[[ TASK INPUTS open ]]
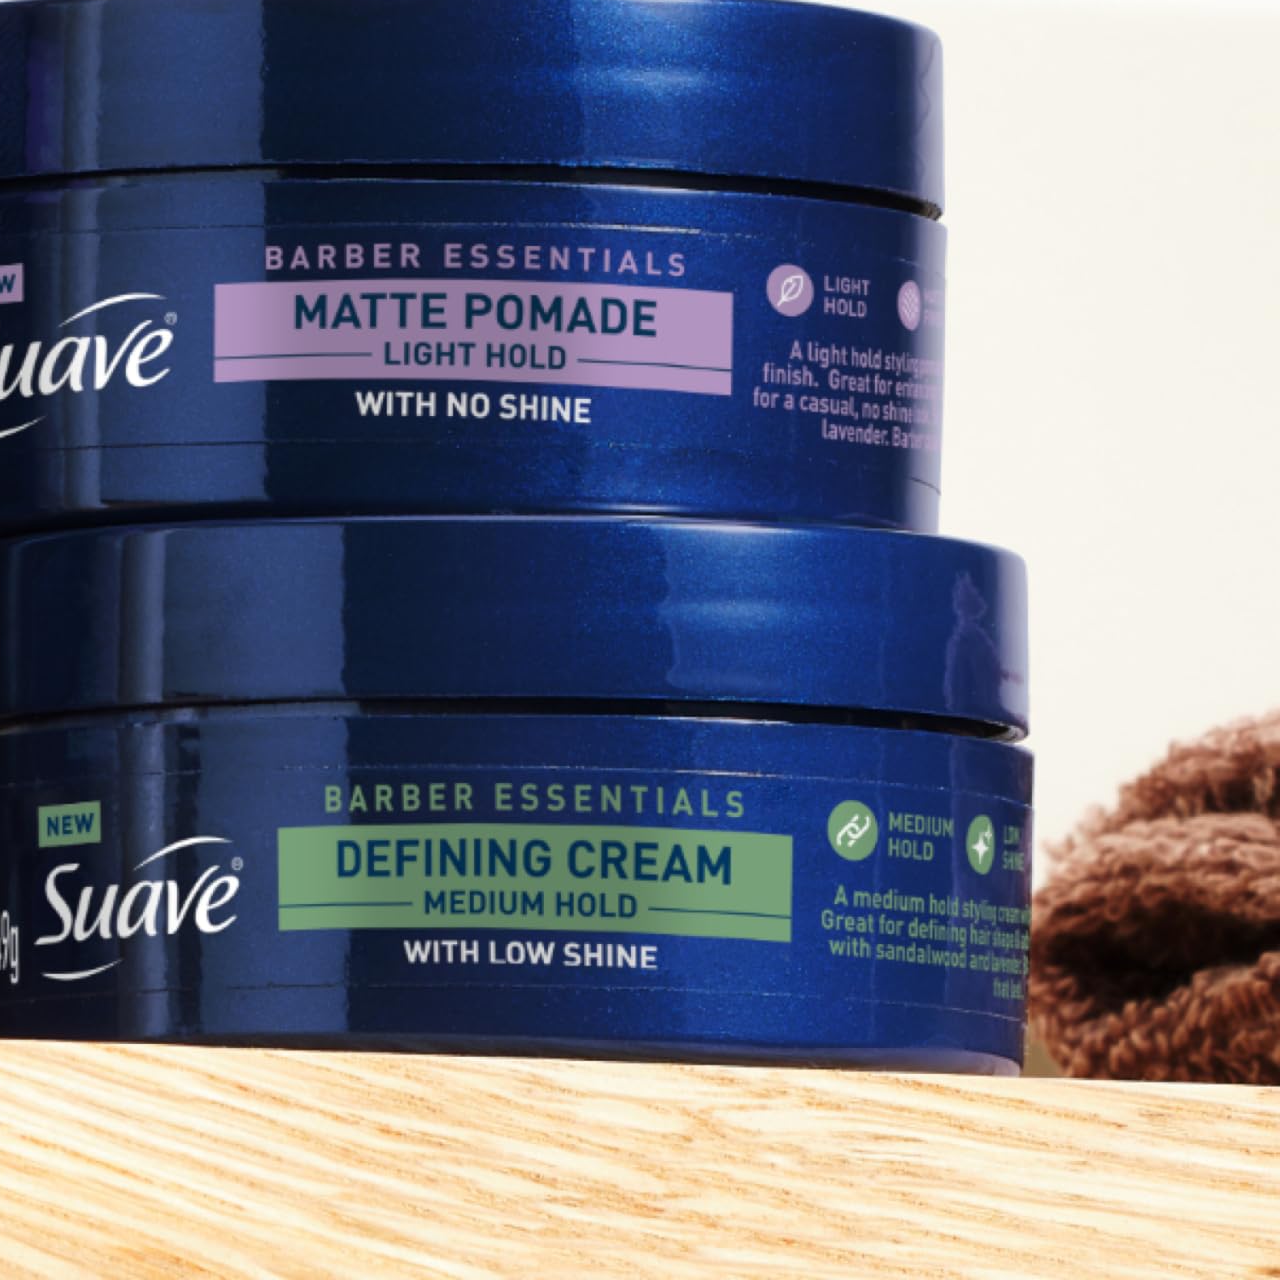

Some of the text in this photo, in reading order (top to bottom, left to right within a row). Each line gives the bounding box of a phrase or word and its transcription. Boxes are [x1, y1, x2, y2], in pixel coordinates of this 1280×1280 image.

[265, 242, 686, 277] BARBER ESSENTIALS
[823, 275, 871, 296] LIGHT
[294, 292, 657, 338] MATTE POMADE
[823, 298, 867, 318] HOLD
[383, 341, 566, 370] LIGHT HOLD
[789, 339, 803, 360] A
[807, 341, 848, 369] light
[851, 346, 882, 370] hold
[763, 363, 819, 387] finish.
[828, 370, 870, 392] Great
[874, 373, 893, 395] for
[355, 390, 591, 424] WITH NO SHINE
[753, 387, 779, 407] for
[784, 394, 794, 410] a
[800, 395, 859, 419] casual,
[862, 402, 880, 419] no
[325, 783, 745, 818] BARBER ESSENTIALS
[47, 813, 94, 836] NEW
[889, 812, 954, 837] MEDIUM
[337, 838, 732, 886] DEFINING CREAM
[888, 838, 934, 861] HOLD
[424, 890, 637, 918] MEDIUM HOLD
[834, 884, 848, 906] A
[853, 888, 925, 913] medium
[929, 893, 959, 917] hold
[821, 909, 874, 933] Great
[878, 914, 902, 937] for
[907, 917, 967, 947] defining
[403, 939, 658, 970] WITH LOW SHINE
[828, 936, 871, 958] with
[876, 942, 967, 968] sandalwood
[[ TASK INPUTS closed ]]
## [YOUR TASK]
Repeat the data exactly, without the pictures.

## [COMPLETED EXERCISE]
Some of the text in this photo, in reading order (top to bottom, left to right within a row). Each line gives the bounding box of a phrase or word and its transcription. Boxes are [x1, y1, x2, y2], in pixel coordinates of this 1280×1280 image.

[265, 242, 686, 277] BARBER ESSENTIALS
[823, 275, 871, 296] LIGHT
[294, 292, 657, 338] MATTE POMADE
[823, 298, 867, 318] HOLD
[383, 341, 566, 370] LIGHT HOLD
[789, 339, 803, 360] A
[807, 341, 848, 369] light
[851, 346, 882, 370] hold
[763, 363, 819, 387] finish.
[828, 370, 870, 392] Great
[874, 373, 893, 395] for
[355, 390, 591, 424] WITH NO SHINE
[753, 387, 779, 407] for
[784, 394, 794, 410] a
[800, 395, 859, 419] casual,
[862, 402, 880, 419] no
[325, 783, 745, 818] BARBER ESSENTIALS
[47, 813, 94, 836] NEW
[889, 812, 954, 837] MEDIUM
[337, 838, 732, 886] DEFINING CREAM
[888, 838, 934, 861] HOLD
[424, 890, 637, 918] MEDIUM HOLD
[834, 884, 848, 906] A
[853, 888, 925, 913] medium
[929, 893, 959, 917] hold
[821, 909, 874, 933] Great
[878, 914, 902, 937] for
[907, 917, 967, 947] defining
[403, 939, 658, 970] WITH LOW SHINE
[828, 936, 871, 958] with
[876, 942, 967, 968] sandalwood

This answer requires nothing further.